[[ Stored data open ]]

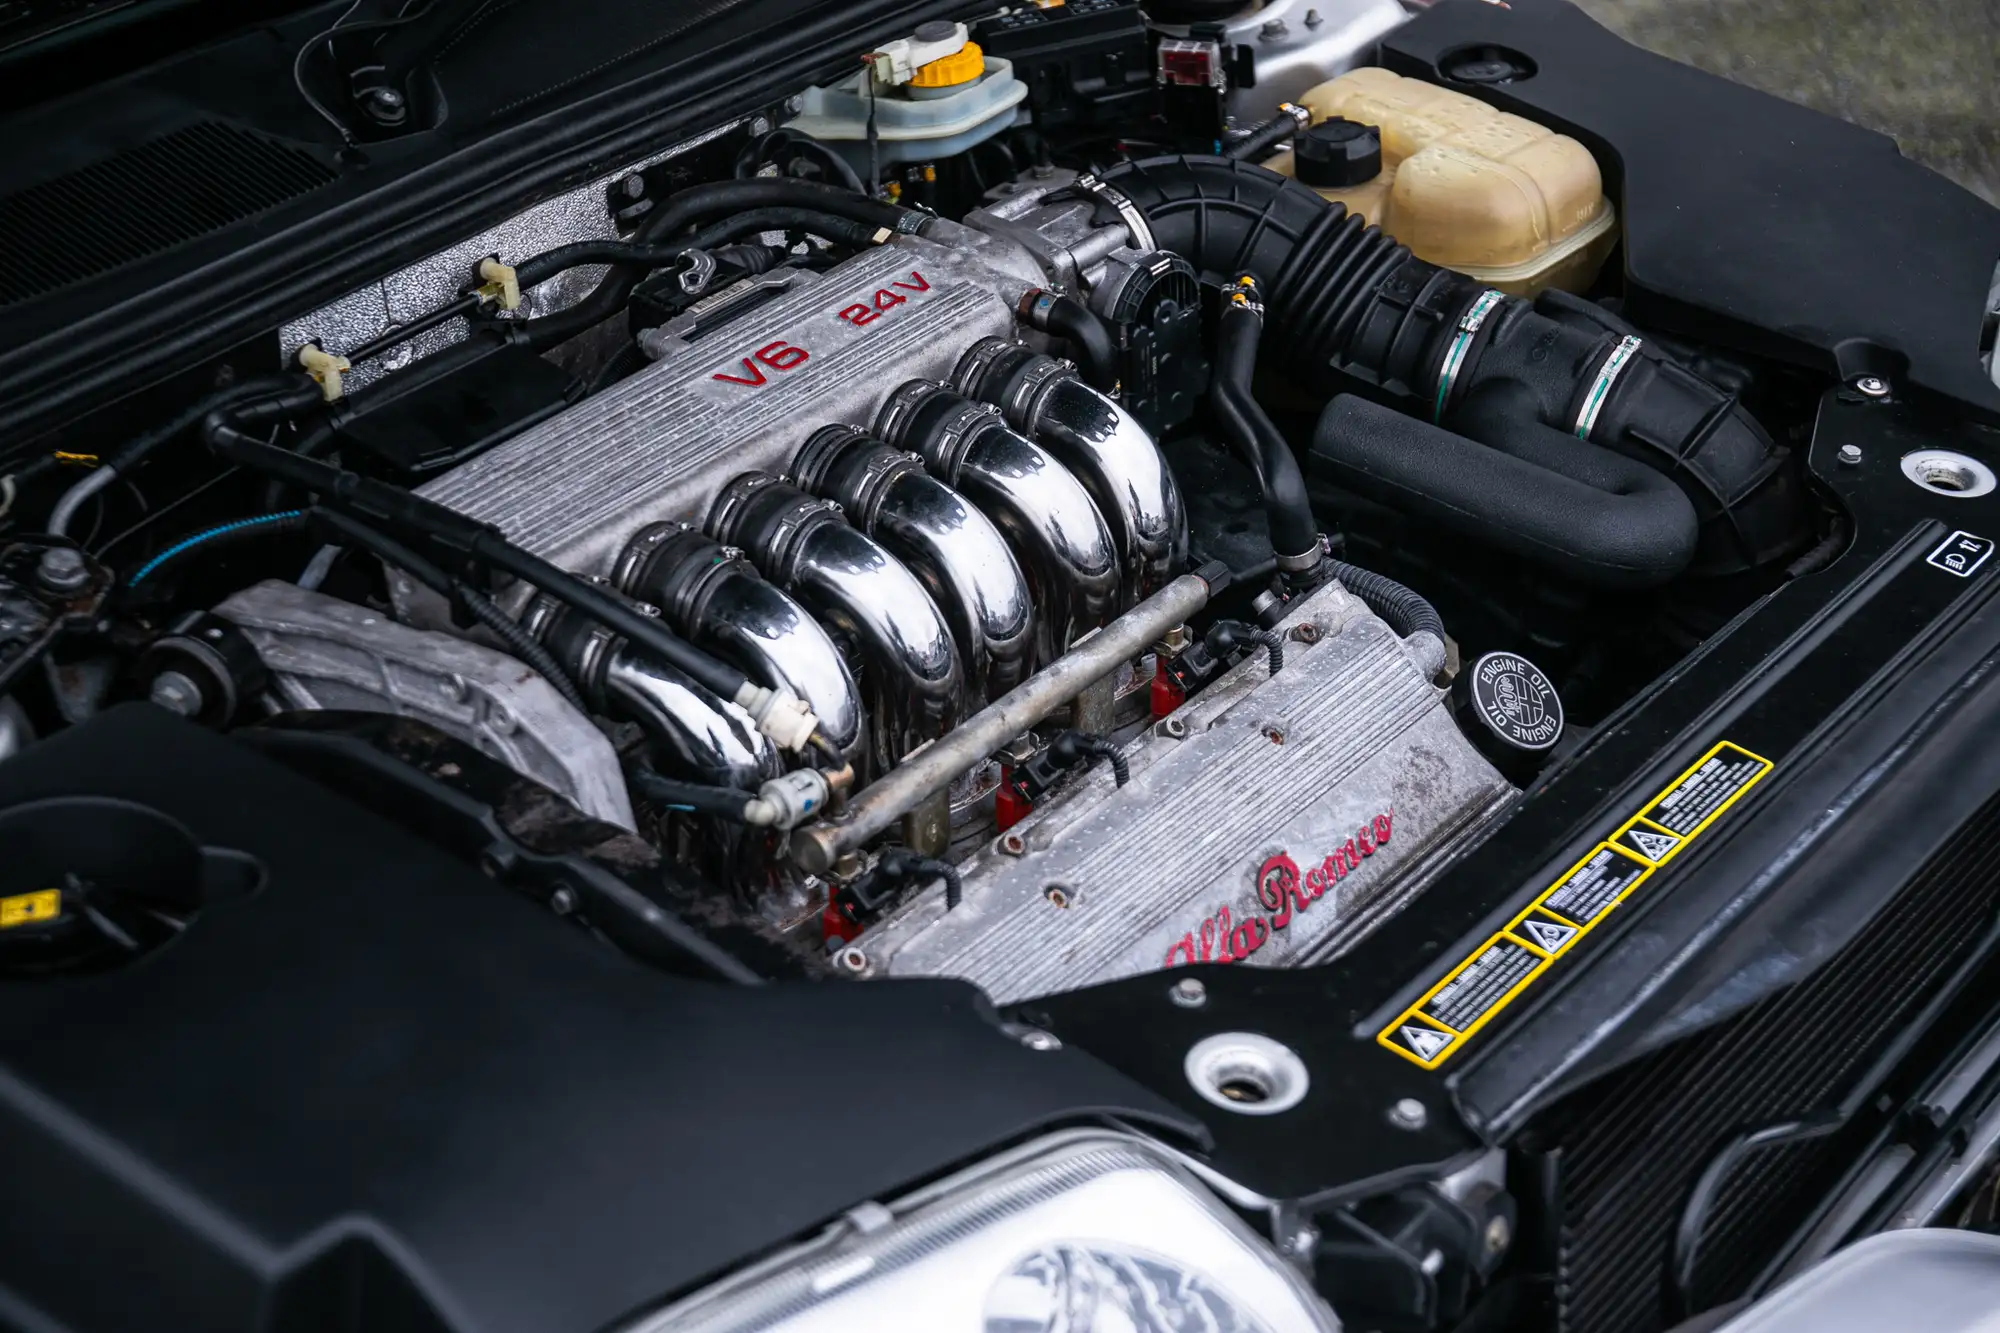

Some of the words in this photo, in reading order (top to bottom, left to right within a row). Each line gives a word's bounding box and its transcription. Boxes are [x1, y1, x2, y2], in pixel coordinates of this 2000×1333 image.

[712, 341, 809, 387] V6
[839, 271, 930, 326] 24V
[1481, 658, 1525, 684] ENGINE
[1530, 674, 1550, 699] OIL
[1487, 700, 1507, 727] OIL
[1513, 715, 1556, 742] ENGINE
[1257, 807, 1394, 929] Romeo

[[ Stored data closed ]]

§ Problem
The response should restate the material above word for word and contain no pictures.

§ Your solution
Some of the words in this photo, in reading order (top to bottom, left to right within a row). Each line gives a word's bounding box and its transcription. Boxes are [x1, y1, x2, y2], in pixel coordinates of this 2000×1333 image.

[712, 341, 809, 387] V6
[839, 271, 930, 326] 24V
[1481, 658, 1525, 684] ENGINE
[1530, 674, 1550, 699] OIL
[1487, 700, 1507, 727] OIL
[1513, 715, 1556, 742] ENGINE
[1257, 807, 1394, 929] Romeo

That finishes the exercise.